▸ **About this exercise**
Though the entries contain pictures, the copy you make should hold only the rest, exactly as written.

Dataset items
==*==

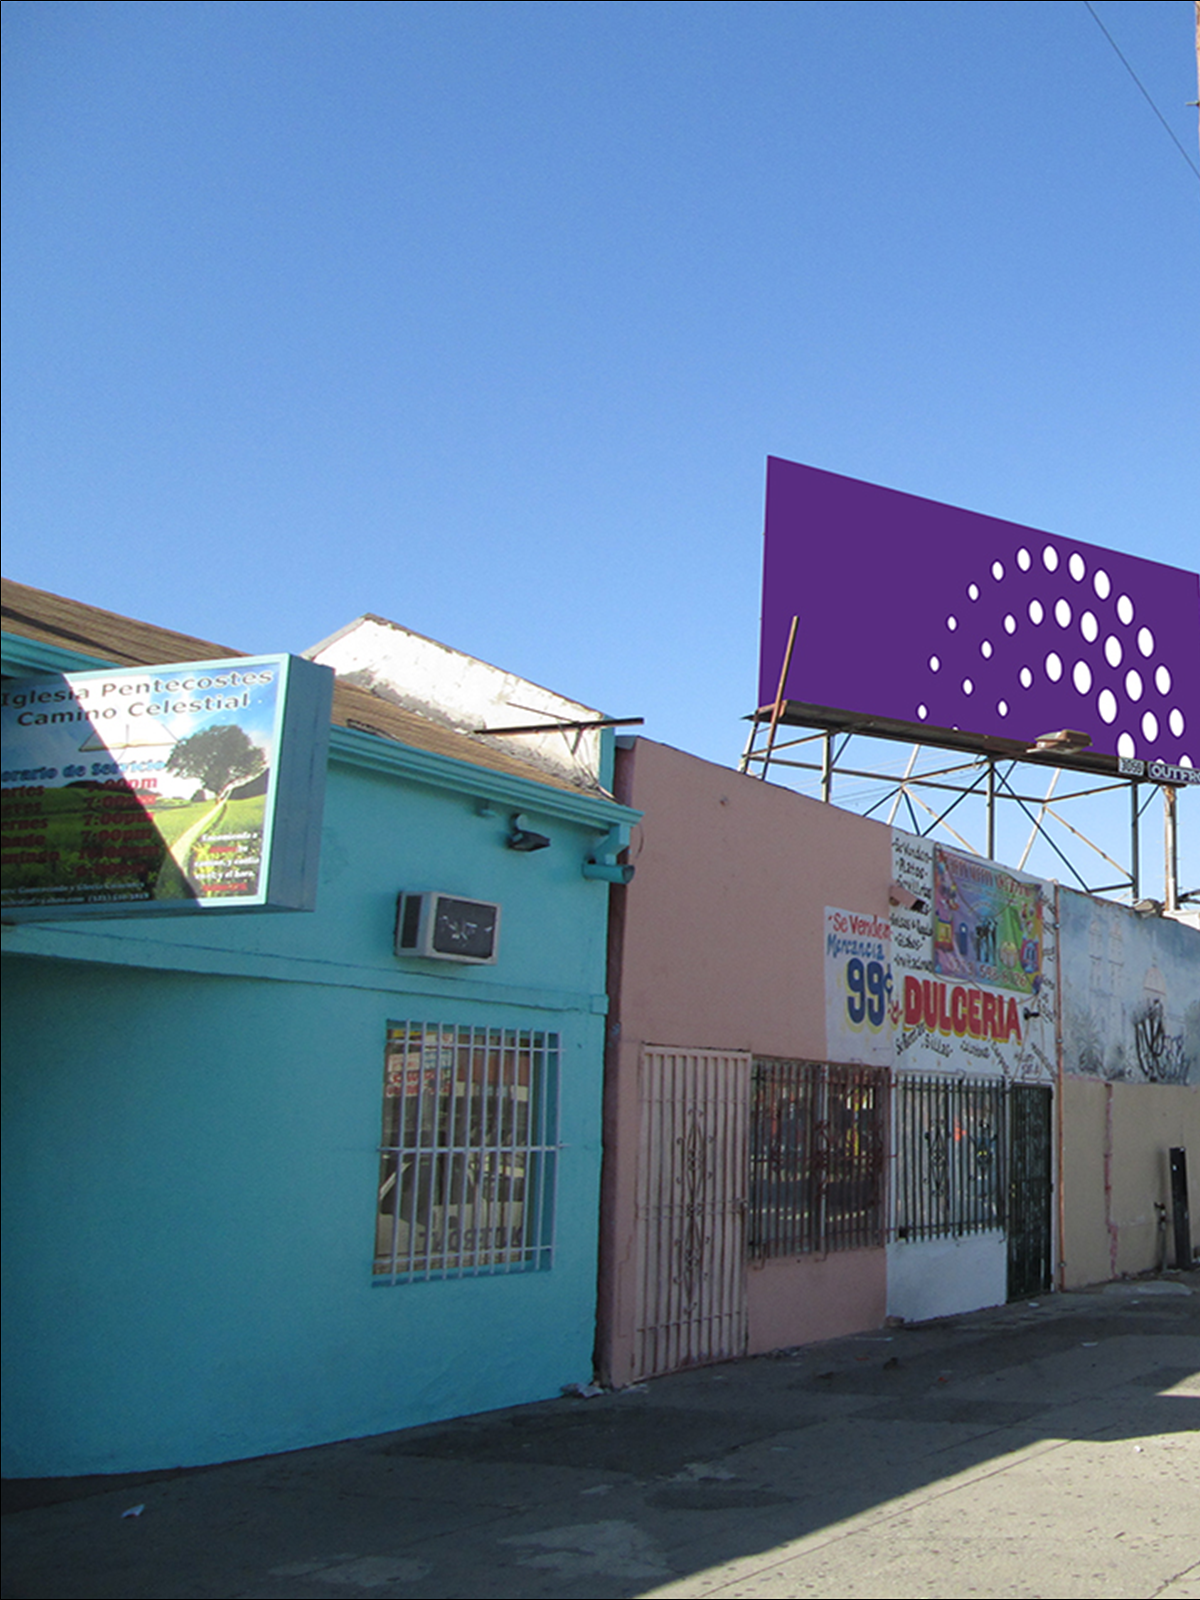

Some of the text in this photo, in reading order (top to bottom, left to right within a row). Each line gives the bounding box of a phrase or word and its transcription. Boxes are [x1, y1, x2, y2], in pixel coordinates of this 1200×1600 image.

[1, 669, 274, 709] Iglesia Pentecostes
[17, 693, 249, 727] Camino Celestial
[1, 764, 58, 782] orario
[62, 763, 87, 778] de
[1, 785, 44, 798] artes
[1, 812, 153, 831] ernes 7:00pm
[80, 829, 152, 844] 7:00pm
[904, 974, 1023, 1042] DULCERIA
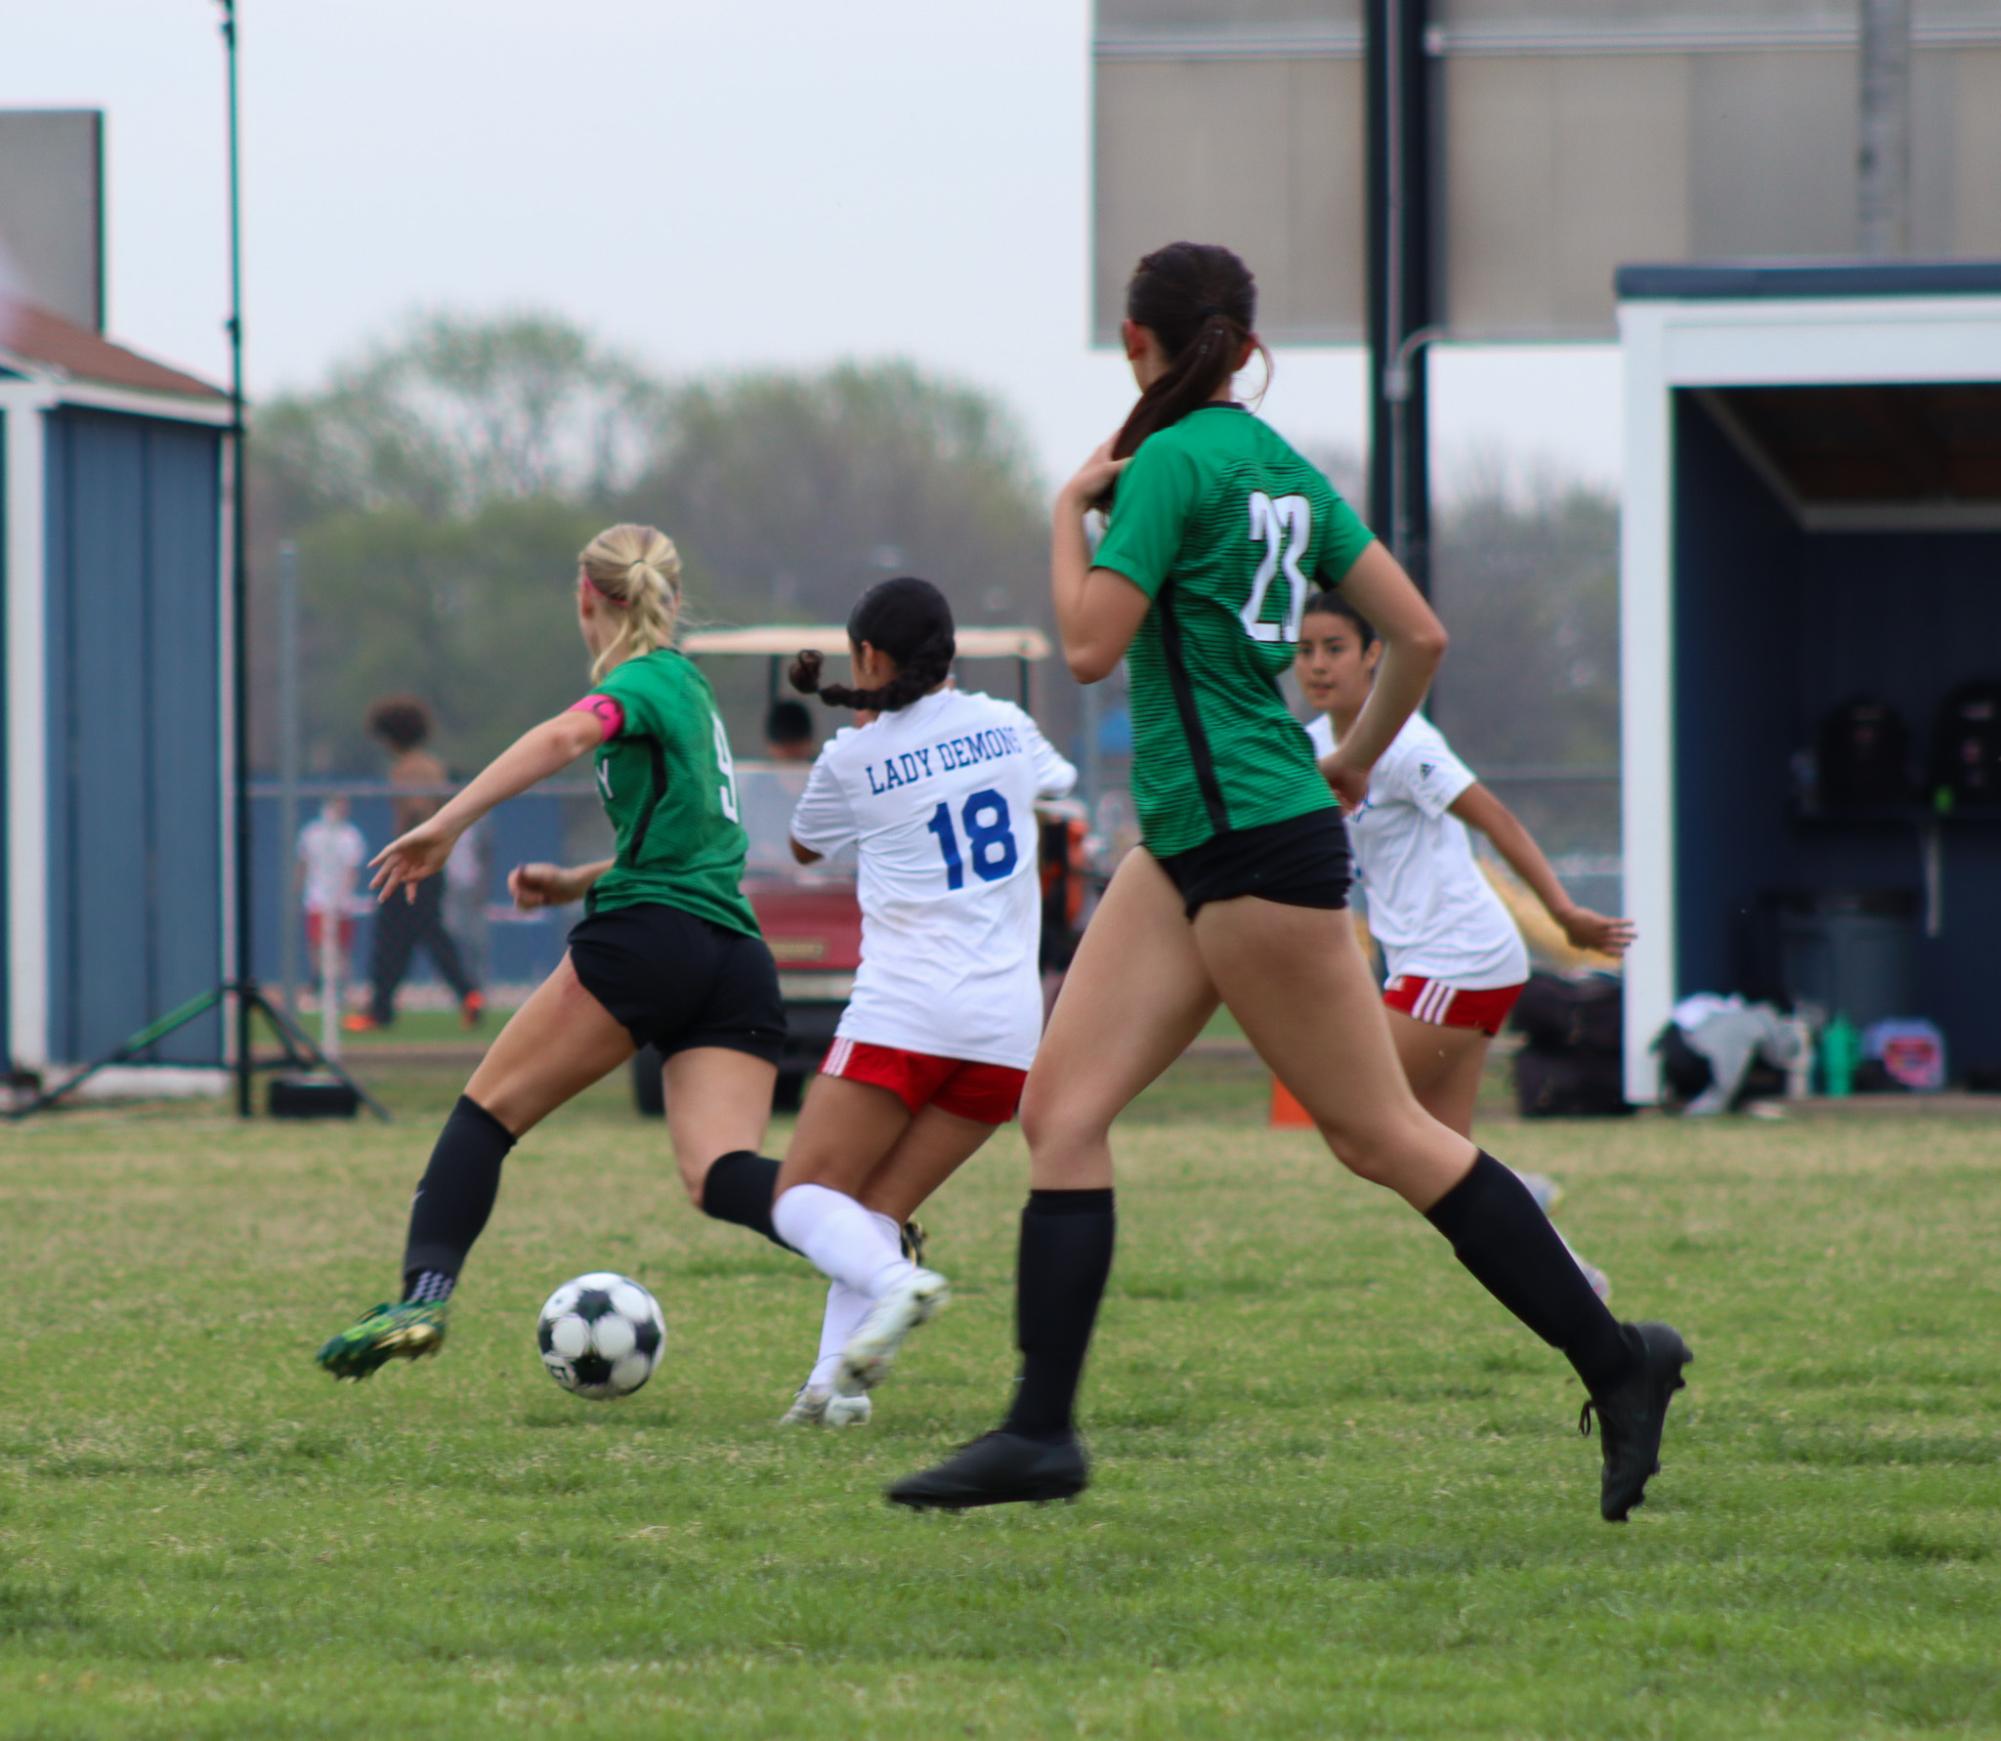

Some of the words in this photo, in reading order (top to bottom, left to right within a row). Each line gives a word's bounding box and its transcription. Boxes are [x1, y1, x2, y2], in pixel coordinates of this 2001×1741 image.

[1239, 491, 1311, 642] 23
[711, 711, 739, 824] 9
[865, 748, 933, 796] LADY
[928, 789, 1018, 890] 18

==*==

▸ **Answer for the task**
Some of the text in this photo, in reading order (top to bottom, left to right within a row). Each line gives the bounding box of a phrase or word and its transcription. Boxes are [x1, y1, x2, y2], in pixel coordinates of this 1200×1600 image.

[1, 669, 274, 709] Iglesia Pentecostes
[17, 693, 249, 727] Camino Celestial
[1, 764, 58, 782] orario
[62, 763, 87, 778] de
[1, 785, 44, 798] artes
[1, 812, 153, 831] ernes 7:00pm
[80, 829, 152, 844] 7:00pm
[904, 974, 1023, 1042] DULCERIA

Some of the words in this photo, in reading order (top to bottom, left to right within a row). Each line gives a word's bounding box and its transcription. Boxes are [x1, y1, x2, y2], in pixel coordinates of this 2001×1741 image.

[1239, 491, 1311, 642] 23
[711, 711, 739, 824] 9
[865, 748, 933, 796] LADY
[928, 789, 1018, 890] 18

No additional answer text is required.